Transcribe each record below word for word.

#### SOURCE RECORDS
::::::
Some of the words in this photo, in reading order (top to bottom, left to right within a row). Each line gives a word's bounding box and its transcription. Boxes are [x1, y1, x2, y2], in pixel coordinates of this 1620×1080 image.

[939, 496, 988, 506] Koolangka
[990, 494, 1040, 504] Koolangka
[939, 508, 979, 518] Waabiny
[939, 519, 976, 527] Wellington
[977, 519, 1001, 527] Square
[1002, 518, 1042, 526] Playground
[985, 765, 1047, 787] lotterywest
::::::
#### EXERCISE ANSWER
Some of the words in this photo, in reading order (top to bottom, left to right within a row). Each line gives a word's bounding box and its transcription. Boxes are [x1, y1, x2, y2], in pixel coordinates of this 1620×1080 image.

[939, 496, 988, 506] Koolangka
[990, 494, 1040, 504] Koolangka
[939, 508, 979, 518] Waabiny
[939, 519, 976, 527] Wellington
[977, 519, 1001, 527] Square
[1002, 518, 1042, 526] Playground
[985, 765, 1047, 787] lotterywest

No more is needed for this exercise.